# EXERCISE OBJECTIVE
The pictures do not go in the copy. Reproduce the rest of the entries exactly.

# Text-to-region grounding data
>>>>

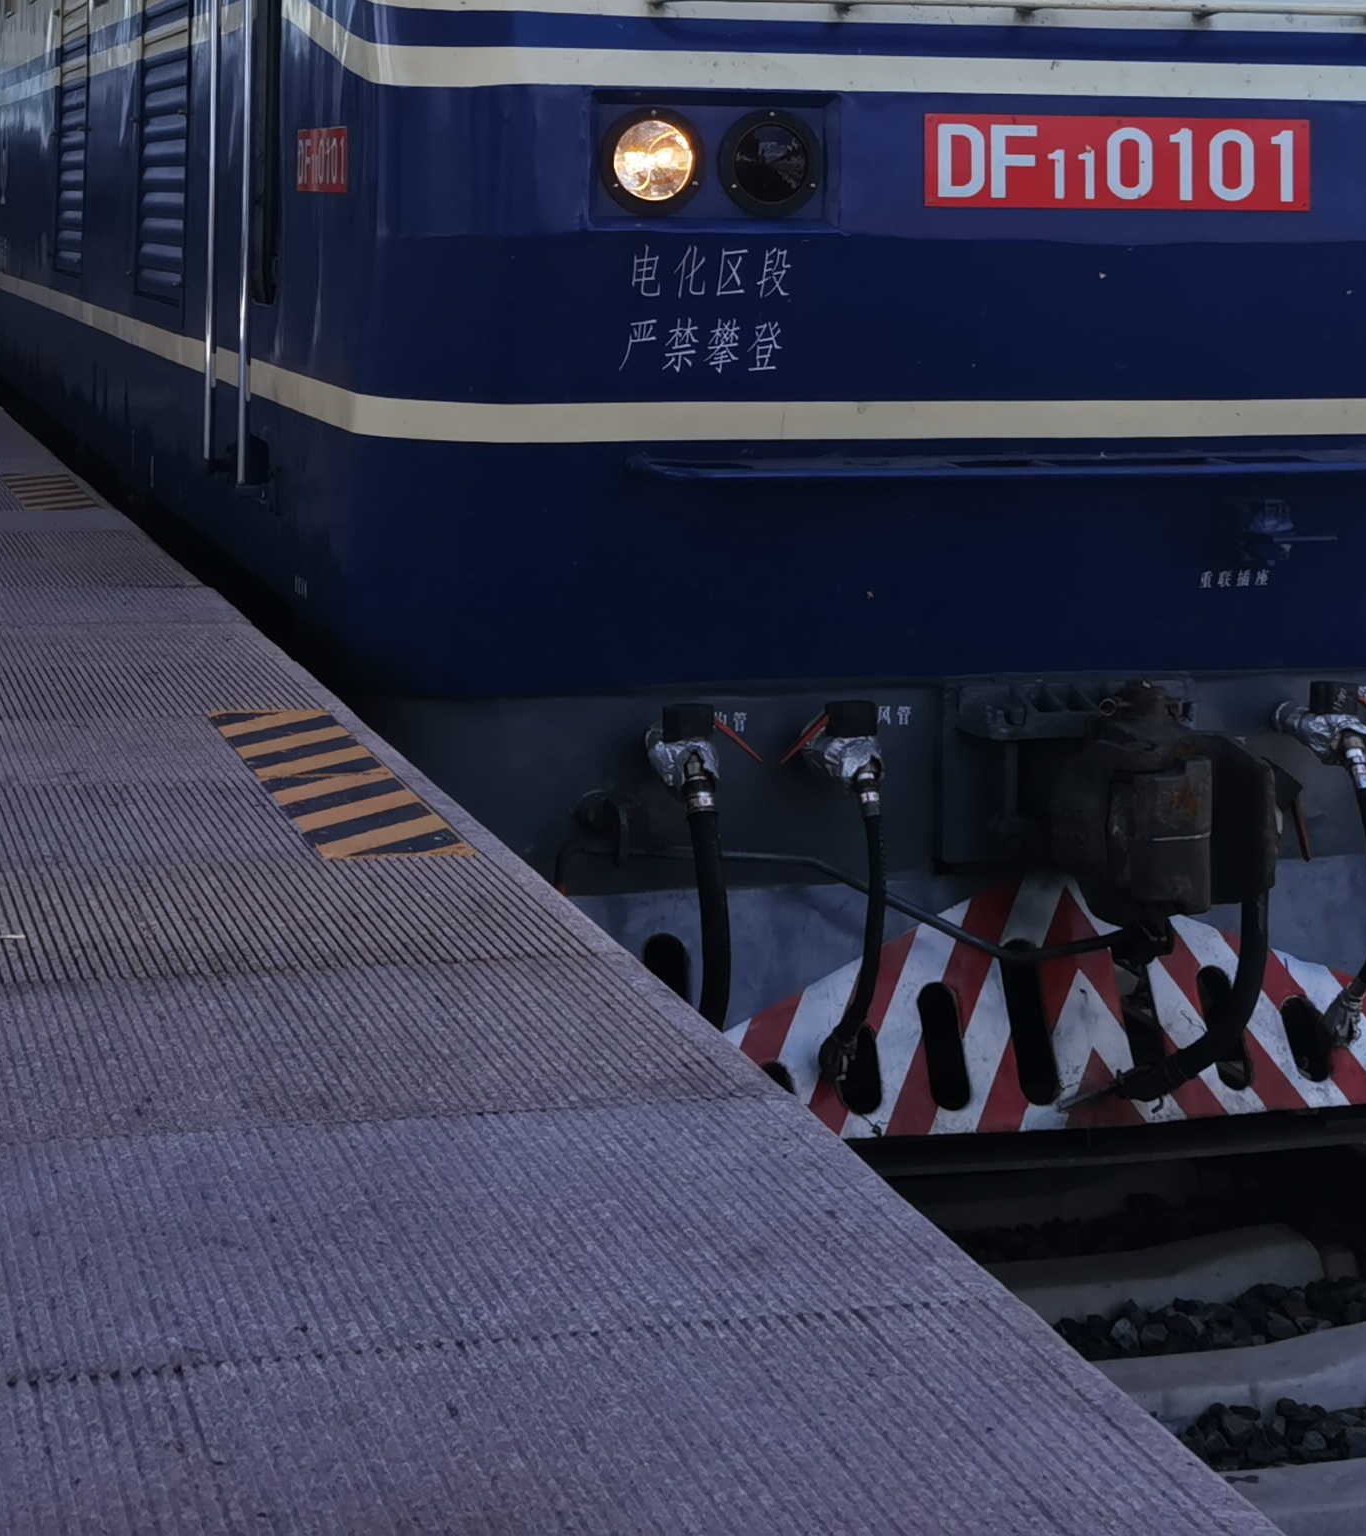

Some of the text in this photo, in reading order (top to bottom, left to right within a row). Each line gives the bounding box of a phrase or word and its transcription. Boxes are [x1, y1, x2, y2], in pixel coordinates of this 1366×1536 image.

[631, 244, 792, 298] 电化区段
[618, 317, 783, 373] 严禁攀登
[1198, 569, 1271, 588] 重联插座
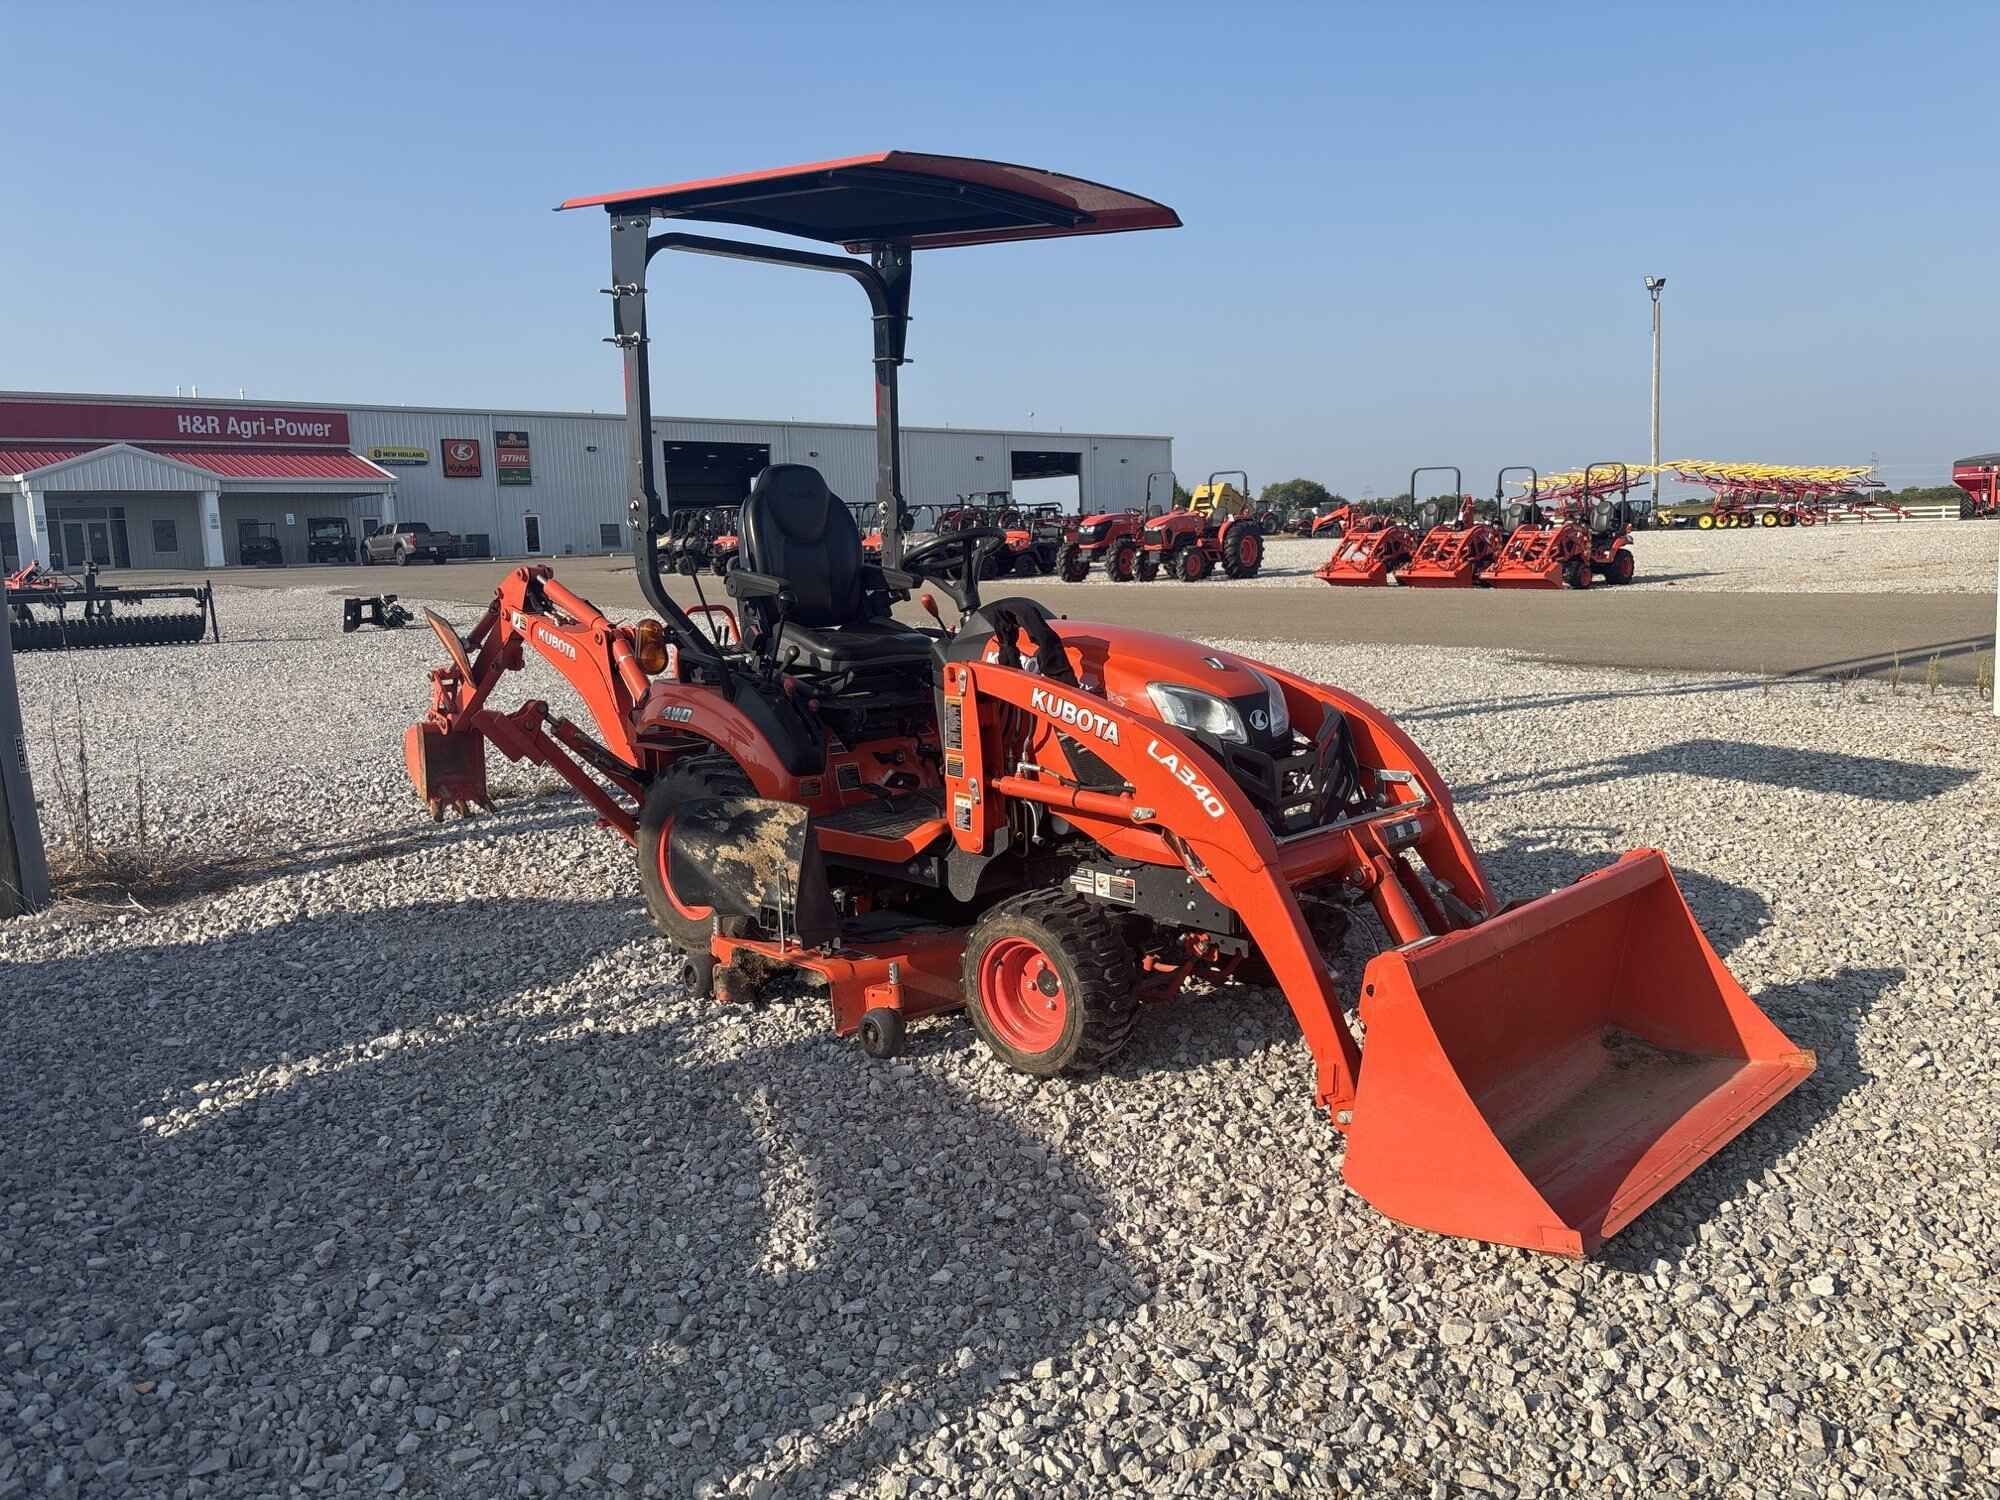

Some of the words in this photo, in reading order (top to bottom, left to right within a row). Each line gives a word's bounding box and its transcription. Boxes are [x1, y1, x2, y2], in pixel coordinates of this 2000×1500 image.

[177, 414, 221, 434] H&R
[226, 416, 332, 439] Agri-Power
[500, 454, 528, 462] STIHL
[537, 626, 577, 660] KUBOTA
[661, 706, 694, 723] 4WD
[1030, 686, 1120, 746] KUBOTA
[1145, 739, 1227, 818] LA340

<<<<

# EXPECTED OUTPUT
Some of the text in this photo, in reading order (top to bottom, left to right within a row). Each line gives the bounding box of a phrase or word and its transcription. Boxes are [x1, y1, x2, y2], in pixel coordinates of this 1366×1536 image.

[631, 244, 792, 298] 电化区段
[618, 317, 783, 373] 严禁攀登
[1198, 569, 1271, 588] 重联插座

Some of the words in this photo, in reading order (top to bottom, left to right within a row). Each line gives a word's bounding box and its transcription. Boxes are [x1, y1, x2, y2], in pixel coordinates of this 2000×1500 image.

[177, 414, 221, 434] H&R
[226, 416, 332, 439] Agri-Power
[500, 454, 528, 462] STIHL
[537, 626, 577, 660] KUBOTA
[661, 706, 694, 723] 4WD
[1030, 686, 1120, 746] KUBOTA
[1145, 739, 1227, 818] LA340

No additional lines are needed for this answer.